Start a Conversation

Unsolved

Closed

M

2 Posts

355

July 26th, 2023 15:00

PS6000 won't initialize / failed disks

Hello everyone.  Earlier this week we had to move our PS6000 to a different site.  After turning the device back on, we can't get it to fully boot.  We're faced with the "CLI >" prompt versus the normal "MEMBERNAME >" prompt, and whenever we try to enter most commands, we see "The storage array is still initializing. Limited commands will be available until the initialization is complete. Please try again later.”  We can't get past this.

We ran "support exec raidtool" and got this output:

 

Driver Status: Ok

RAID LUN 0 Faulted Beyond Recovery.

 15 Drives (0,f,4,6,8,10,12,?,3,5,7,9,11,15,f)

 RAID 6 (64KB sectPerSU)

 Capacity 12,482,512,879,616 bytes

Available Drives List: 1

Unavailable Drives:

2 (history of failure)

13 (history of failure)

14 (history of failure)

 

Also on initial boot, we get the following errors:

 

SP:1690411046.92:cache_driver.cc:1072:INFO:28.2.39:Active control module cache set to write-back mode.
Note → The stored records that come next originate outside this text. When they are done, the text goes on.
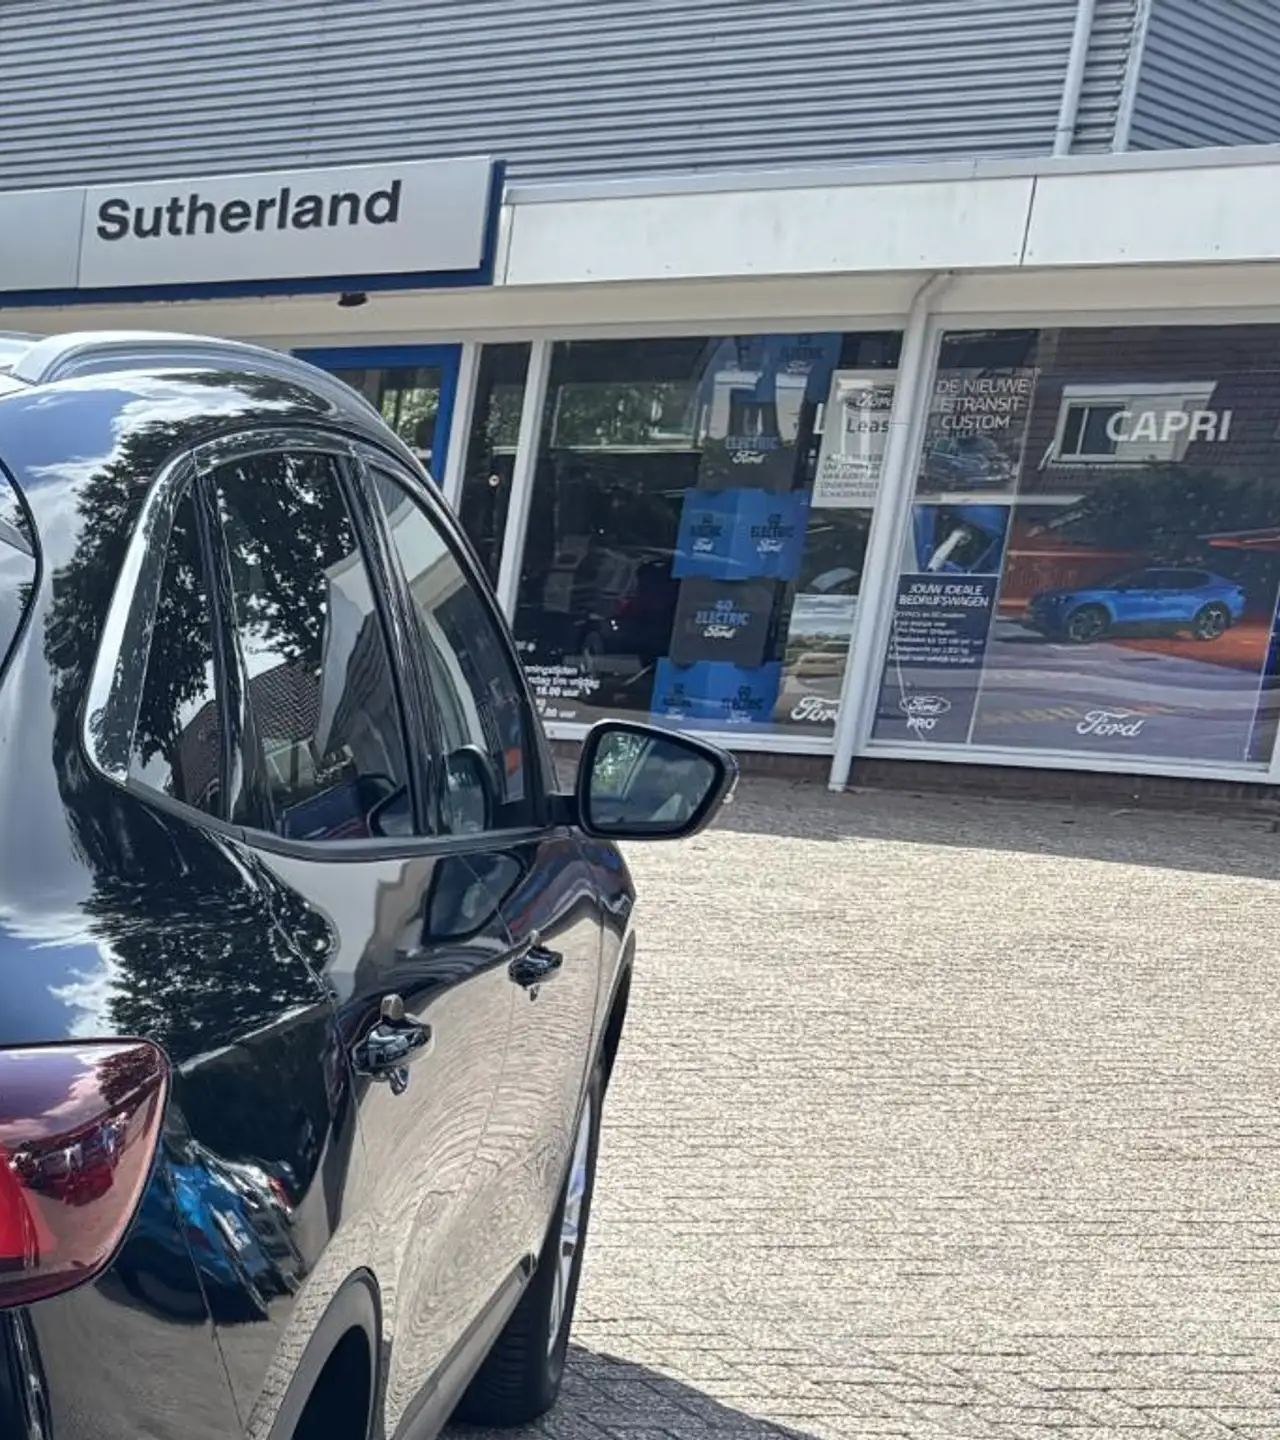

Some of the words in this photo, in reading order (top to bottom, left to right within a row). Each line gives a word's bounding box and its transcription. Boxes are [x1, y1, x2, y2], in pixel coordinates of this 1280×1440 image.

[96, 180, 402, 241] Sutherland
[937, 378, 960, 393] DE
[963, 378, 1029, 394] NIEUWE
[847, 418, 889, 433] Leas
[942, 415, 1010, 429] CUSTOM
[1106, 410, 1233, 442] CAPRI
[695, 611, 750, 626] ELECTRIC
[703, 625, 737, 638] Ford
[907, 717, 935, 730] PRO
[1076, 710, 1144, 737] Ford
SP:1690411049.07:ses.c:2554:WARNING:28.3.85:  Power cooling module 1 is turned off or not receiving power.

SP:1690411049.12:emm.c:2226:WARNING:28.3.51:Warning health conditions currently exist.
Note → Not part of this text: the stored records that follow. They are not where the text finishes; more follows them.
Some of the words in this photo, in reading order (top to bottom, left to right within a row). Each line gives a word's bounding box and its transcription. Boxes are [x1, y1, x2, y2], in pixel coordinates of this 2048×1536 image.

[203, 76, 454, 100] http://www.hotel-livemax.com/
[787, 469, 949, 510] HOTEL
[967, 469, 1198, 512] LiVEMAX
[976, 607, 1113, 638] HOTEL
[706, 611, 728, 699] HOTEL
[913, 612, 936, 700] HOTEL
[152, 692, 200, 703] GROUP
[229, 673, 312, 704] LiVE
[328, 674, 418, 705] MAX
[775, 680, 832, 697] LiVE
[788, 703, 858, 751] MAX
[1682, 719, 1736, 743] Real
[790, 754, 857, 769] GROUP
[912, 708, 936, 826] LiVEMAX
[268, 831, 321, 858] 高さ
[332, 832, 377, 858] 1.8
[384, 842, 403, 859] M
       Correct these conditions before they affect array operation.

       Power supply failure.

       There are 1 outstanding health conditions. Correct these conditions before they affect array operation.

SP:1690411049.24:emm.c:1288:INFO:28.2.6:Enclosure serial number: SHU0935411J1F84.

SP:1690411055.82:pclass.c:10108:WARNING:32.3.28:The drive at enclosure 0, drive 1 is not supported on this array. Contact your array support provider and provide the model number (ST31000528AS) and serial number (            5VP5MD02).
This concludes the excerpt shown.